The Efficacy and Safety of the COMBO Endoscopy Oropharyngeal Airway in Gastrointestinal Endoscopy Procedure

Launched by RENJI HOSPITAL · Oct 7, 2023

Keywords

ClinConnect Summary

This clinical trial is studying a new device called the COMBO Endoscopy Oropharyngeal Airway, which aims to help patients breathe more easily during gastrointestinal endoscopy procedures. The goal is to see if this device can reduce the risk of low oxygen levels (hypoxia) when patients are sedated with a medication called propofol. The device combines several features, including a way to monitor breathing, support for oxygen, and management of the airway, all designed specifically for these procedures.

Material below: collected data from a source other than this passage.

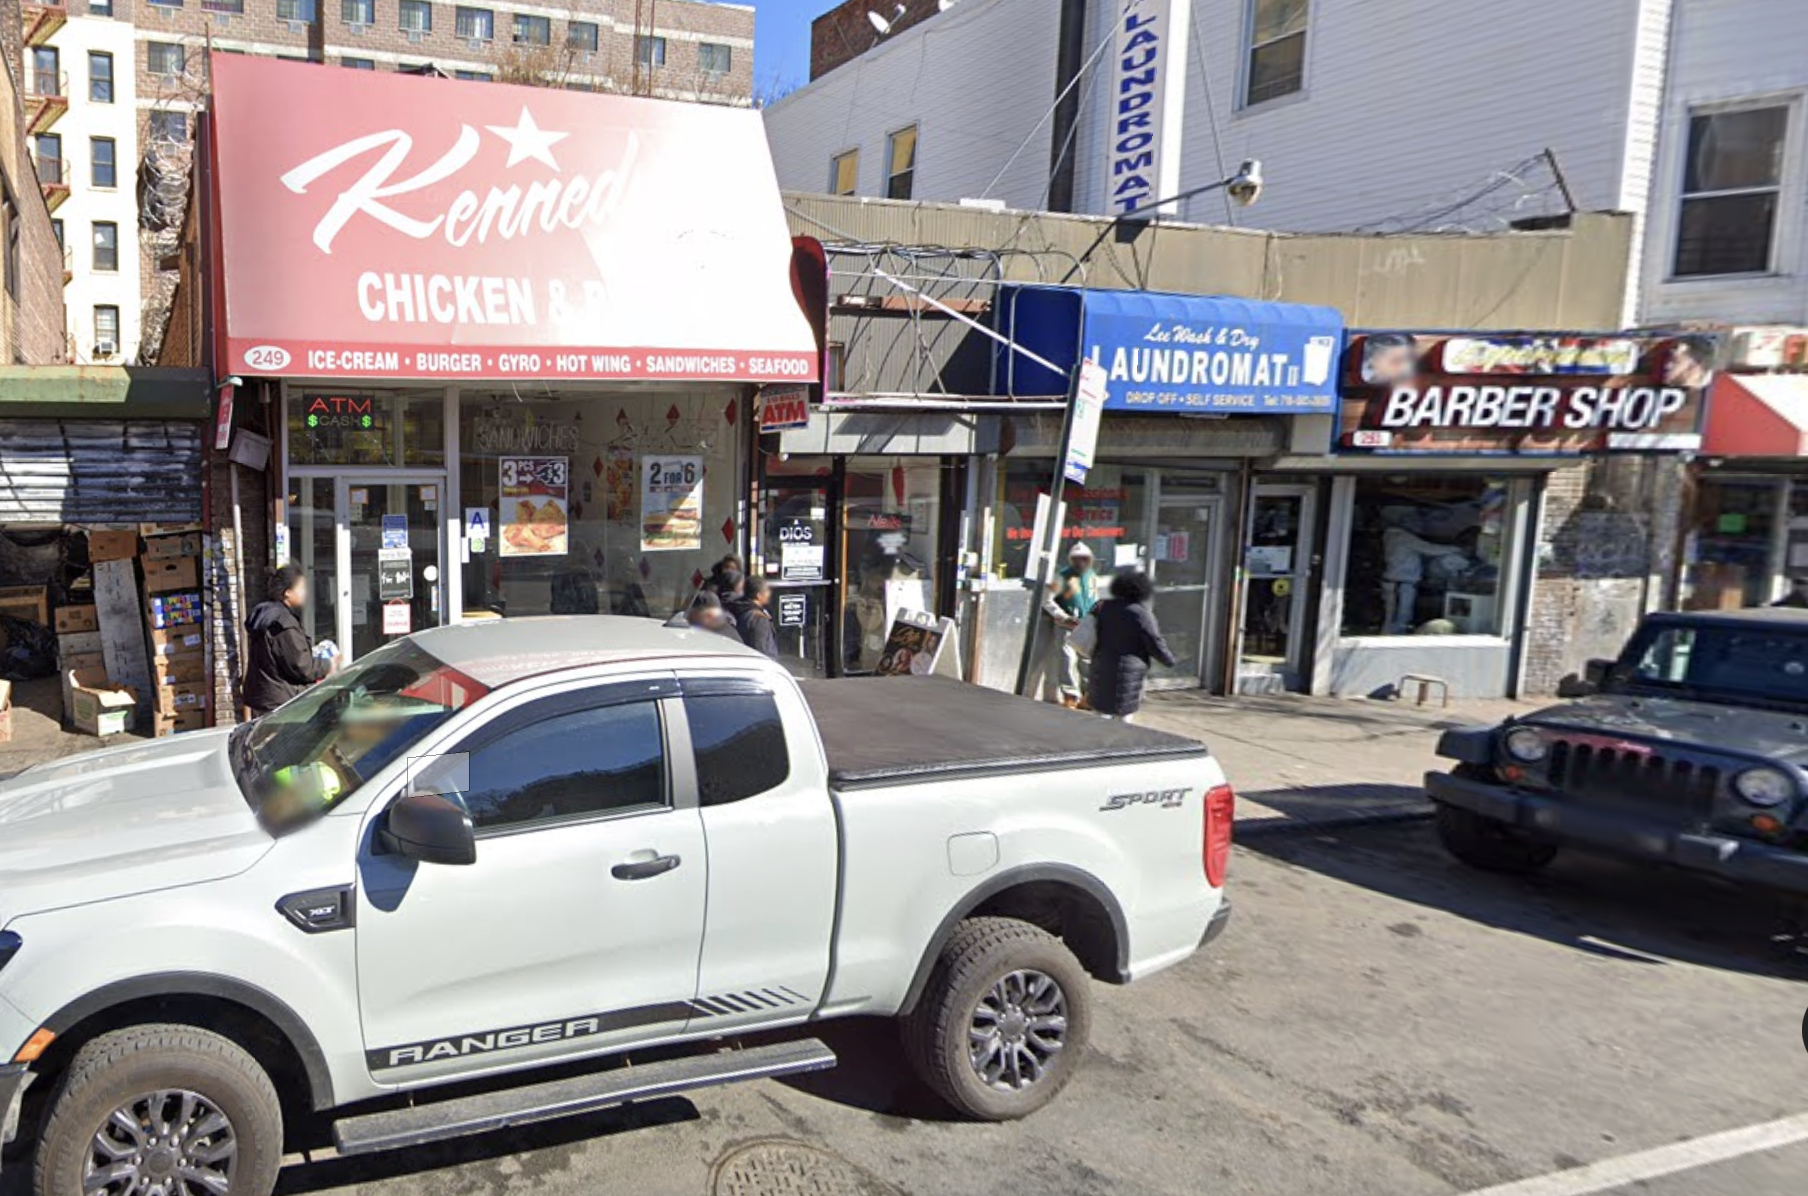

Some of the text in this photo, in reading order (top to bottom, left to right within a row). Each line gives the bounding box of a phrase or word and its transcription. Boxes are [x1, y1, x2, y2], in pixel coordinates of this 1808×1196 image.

[1113, 14, 1159, 212] LAUNDROMAT
[280, 123, 641, 254] Kenned
[357, 271, 537, 325] CHICKEN
[1144, 322, 1260, 351] Lee Wash & Dry
[252, 350, 285, 366] 249
[307, 350, 809, 375] ICE-CREAM BURGER GYRO HOT WING SANDWICHES SEAFOOD
[308, 396, 372, 413] ATM
[1125, 391, 1156, 405] DROP
[1158, 392, 1177, 405] OFF
[1185, 393, 1211, 406] SELF
[1213, 394, 1255, 407] SERVICE
[1381, 385, 1688, 429] BARBER SHOP
[761, 400, 807, 425] ATM
[502, 460, 518, 487] 3
[517, 460, 535, 471] PCS
[650, 461, 661, 484] 2
[664, 471, 682, 484] FOR
[471, 511, 485, 529] A
[779, 525, 813, 541] DIOS
[1098, 786, 1194, 812] SPORT
[388, 1017, 600, 1067] RANGER
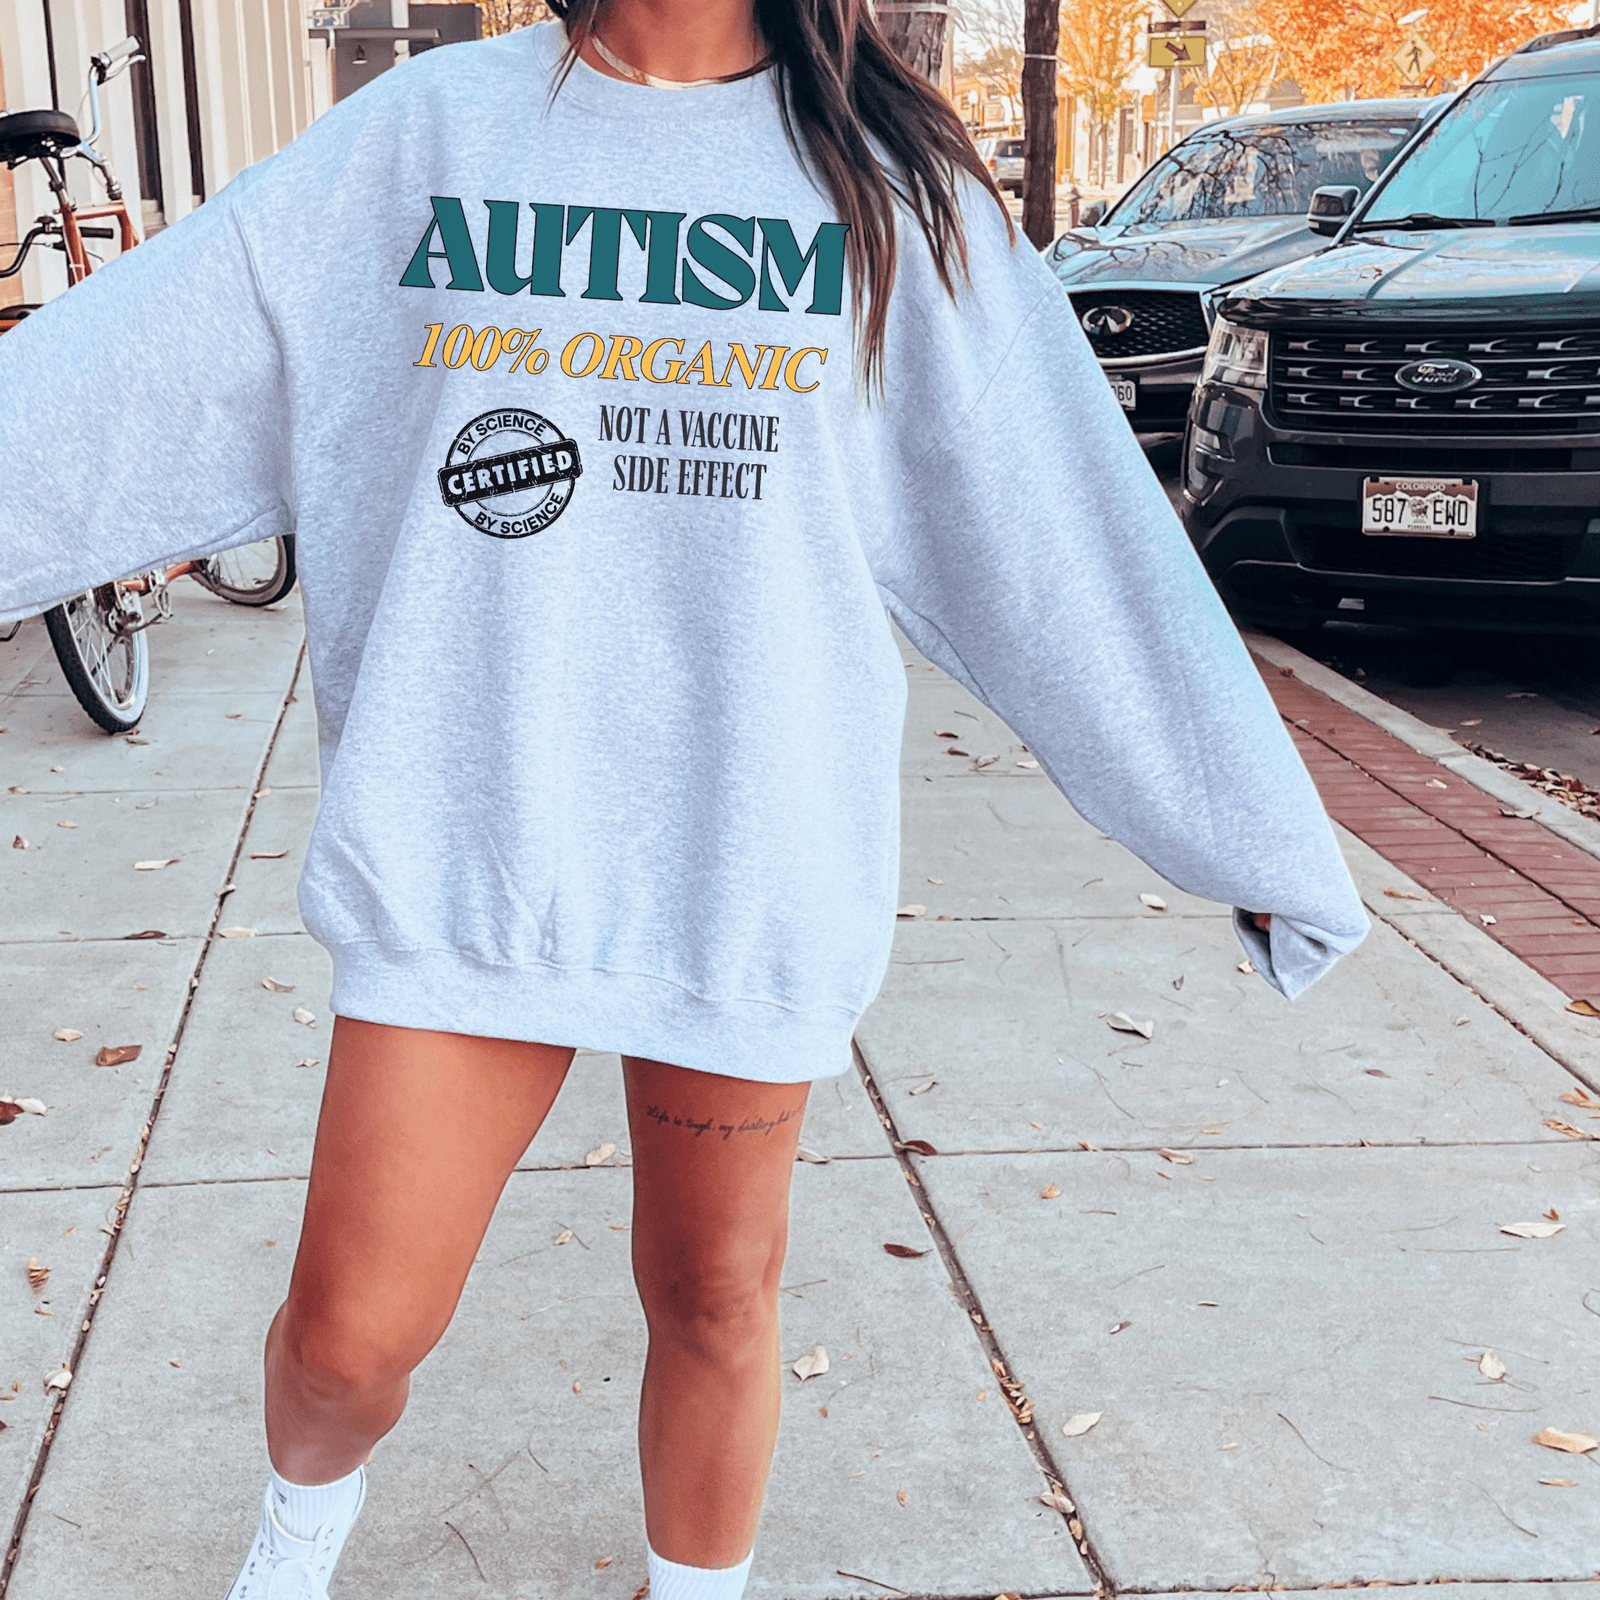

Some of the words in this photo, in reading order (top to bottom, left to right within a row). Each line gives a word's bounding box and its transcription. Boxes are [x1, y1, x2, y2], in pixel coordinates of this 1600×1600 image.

To participate in the trial, individuals must be between 18 and 60 years old and scheduled for a gastroendoscopy or colonoscopy that lasts no longer than 45 minutes. They also need to agree to take part by signing a consent form. However, not everyone can join; those with certain health conditions, such as severe heart or lung problems, or who are pregnant, will not be eligible. If you meet the criteria and enroll, you can expect to undergo the endoscopy while the new airway device is used, and your breathing and oxygen levels will be closely monitored throughout the procedure.

Gender

ALL

Eligibility criteria

• Inclusion Criteria:
• • Age 18≤ Age ≤60.
• • Patients undergoing gastroendoscopy and/or colonoscopy procedure.
• • Patients have signed the informed consent form.
• • The ASA classification ranges from I to II.
• • The estimated duration of the procedure does not exceed 45 minutes.
• Exclusion Criteria:
• • Patients who exhibit contraindications to oropharyngeal airway ventilation, such as coagulation disorders, a predisposition to oral and nasal bleeding, mucosal damage, or anatomical constraints impeding oropharyngeal channel placement.
• • Severe cardiac insufficiency, defined as a maximal exercise capacity of less than 4 metabolic equivalents (METs).
• • Profound renal insufficiency necessitating preoperative dialysis.
• • A confirmed severe liver dysfunction.
• • Patients diagnosed with chronic obstructive pulmonary disease (COPD) or those presently experiencing other acute and chronic pulmonary conditions necessitating prolonged or intermittent oxygen therapy.
• • Elevated intracranial pressure.
• • Upper respiratory tract infections, encompassing the oral, nasal, and pharyngeal regions.
• • Fever, defined as a core body temperature exceeding 37.5 degrees Celsius.
• • Pregnancy or lactation.
• • Hypersensitivity reactions to sedatives like propofol or medical equipment such as adhesive tape.
• • Urgent surgical intervention.
• • Polytrauma.
• • Peripheral oxygen saturation (SpO2) levels below 95% while breathing room air preoperatively.
• • BMI\<18.5 or BMI\>30.
• • Patients with a documented history of substance abuse, specifically drugs and/or alcohol, within the two years preceding the commencement of the screening period. Substance abuse in this context is defined as consuming more than three standard alcoholic beverages daily, roughly equivalent to 10g of alcohol or 50g of Chinese Baijiu.
• • Patients with a history of mental and neurological disorders, including but not limited to depression, severe central nervous system depression, Parkinson's disease, basal ganglia lesions, schizophrenia, epilepsy, Alzheimer's disease, and myasthenia gravis.
• • Presently engaged in concurrent participation in additional clinical trials.
• • Patients considered ineligible by researchers for inclusion in this clinical trial.